Image by Matt’ Johnson licensed under Creative Commons.

This is the third in a three-part series by GGWash board member Dan Tangherlini on the WMATA/Metro governance crisis and our need as a region to address it.

In my last two posts I attempted to detail both a more comprehensive and expansive vision for a renewed WMATA and how to pay for it. In this post I offer some suggestions on how to restructure the WMATA Board of Directors to improve governance and accountability.

Building a better WMATA board

The idea of replacing WMATA’s board with a Control Board appointed by the federal government has gained some traction recently and has been endorsed by at least one WMATA board member. As a former board member myself, I can understand the attraction.

The Metro board is held hostage by parochial and regional political interests, and while it is easy to ascribe some nefarious intent to these actions, it is actually a logical and rational reaction to a responsibility that comes with very little up-side. On the revenue side, the levers are fare and subsidy increases; on the expense side, service, staffing, or maintenance cuts. Revenues either come from riders (read: voters) or local/state budgets (read: taxes). Service cuts are unpopular and staffing is tied to service. So, cutting maintenance and reinvestment is the easy and expedient solution. Hence the bind we are in today.

But the current board and its structure will not allow for a sudden, new, cooperative and outcome-focused approach. It has outrun its usefulness and needs to be replaced with something more effective and accountable. A recent opinion piece by two prominent members of the Federal City Council makes a similar case. In short, we should rebuild the WMATA board around people who have the actual responsibility of managing and running our transportation network, and then hold them accountable for Metro's performance.

Here is my proposal for a new WMATA board:

  • Appoint the region’s three chief executives— DC’s mayor and the governors of Maryland and Virginia— to the WMATA board. For precedent, the governor of Maryland sits on the Board of Public Works, which approves all contracts over a certain threshold. This would likely dramatically reduce the frequency and intensity of WMATA board meetings. The current schedule of nearly-weekly meetings drains the staff of time, focus and energy. The board should be a board, not a near-continuous exercise in managerial second-guessing. This would also assure clear political accountability for Metro’s performance.

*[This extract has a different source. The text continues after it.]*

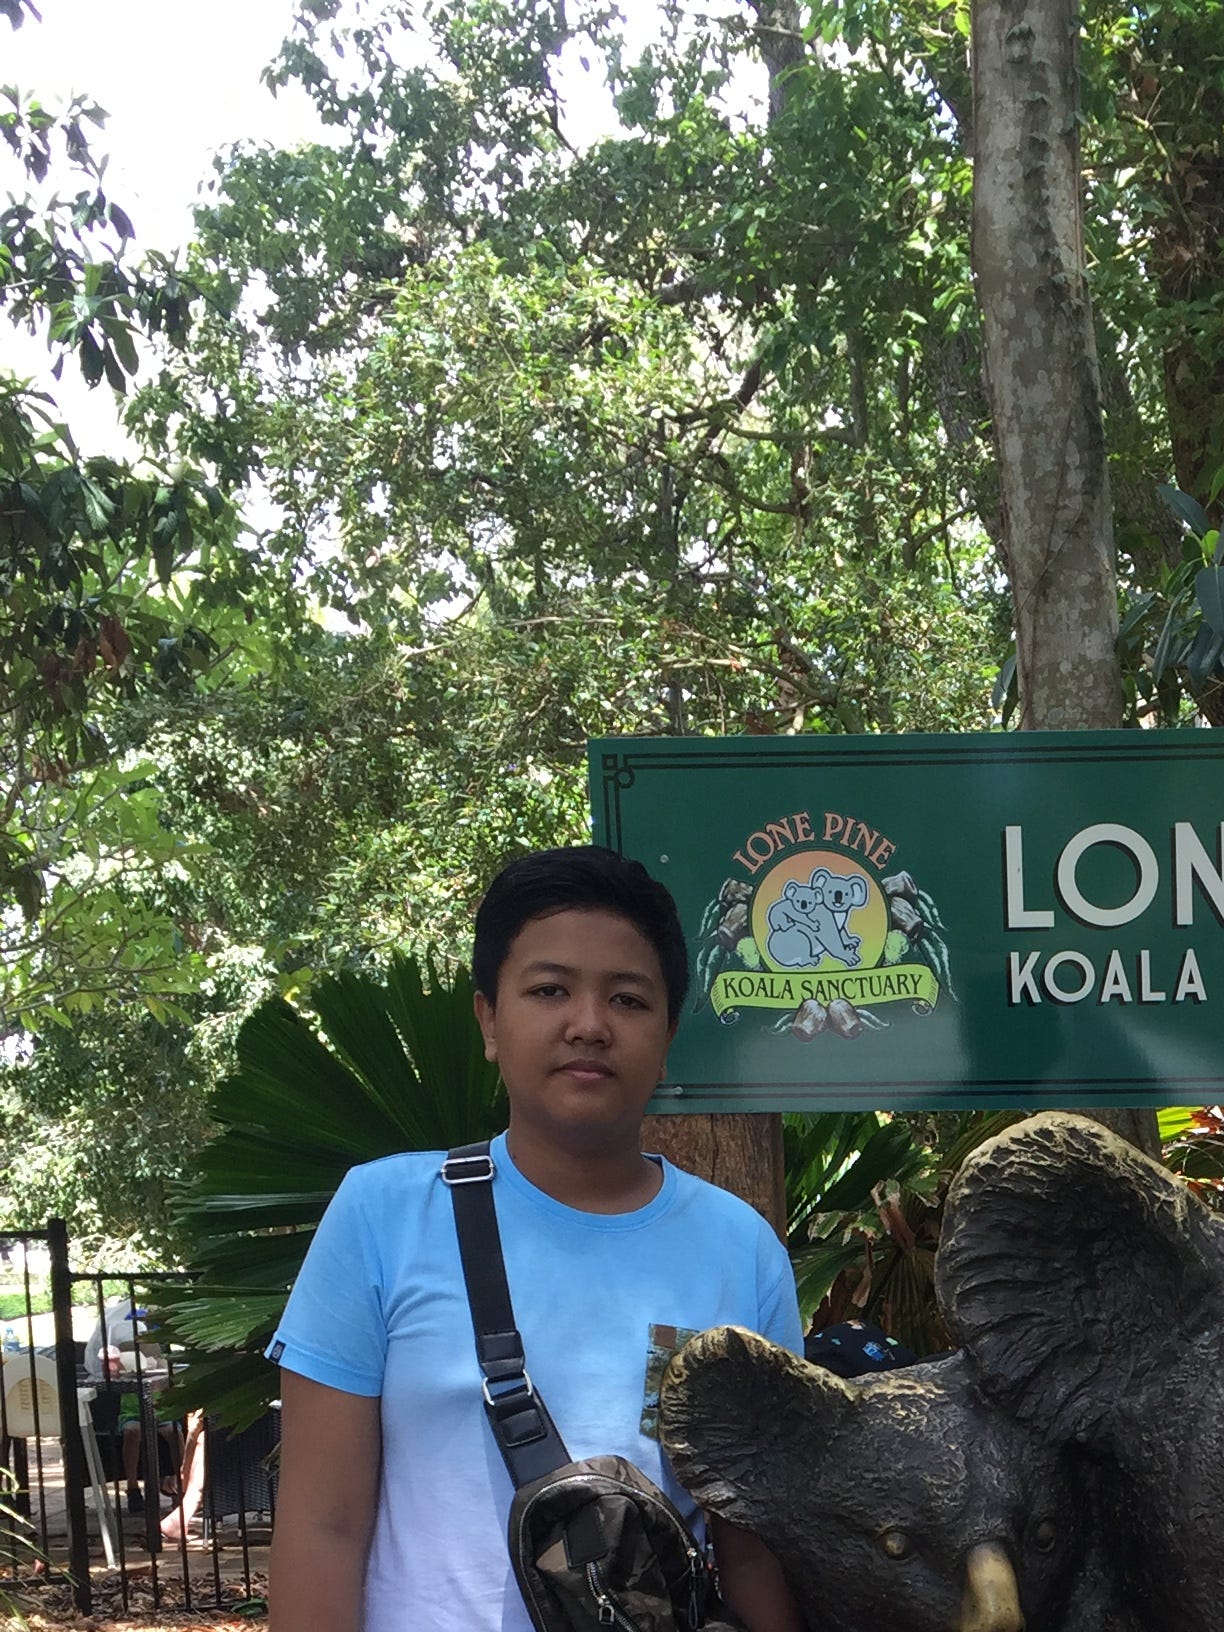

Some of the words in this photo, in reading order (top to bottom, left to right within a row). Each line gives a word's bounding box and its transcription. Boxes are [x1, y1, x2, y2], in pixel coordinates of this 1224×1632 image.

  • Appoint the region’s three transportation secretaries/directors to the board as well. These individuals represent the organizations accountable for providing mobility to this region. They have an improving track record of cooperation and coordination; joint participation in the affairs of WMATA would bring them even closer together. These people are very busy as well and would also be less inclined to undermine organizational executive authority and accountability.

  • Create a technical advisory board with members from the jurisdictions in the service area appointed to provide specific skills and experiences. Instead of providing a political plum to a local elected official or appointee, these technical advisory board slots should be filled, on a rotating basis, by individuals with transportation, engineering, real estate, finance, customer service, and daily rider experience. Board and advisory board members should be able to provide useful advice, experience and insight to management — not just skills in political dealmaking.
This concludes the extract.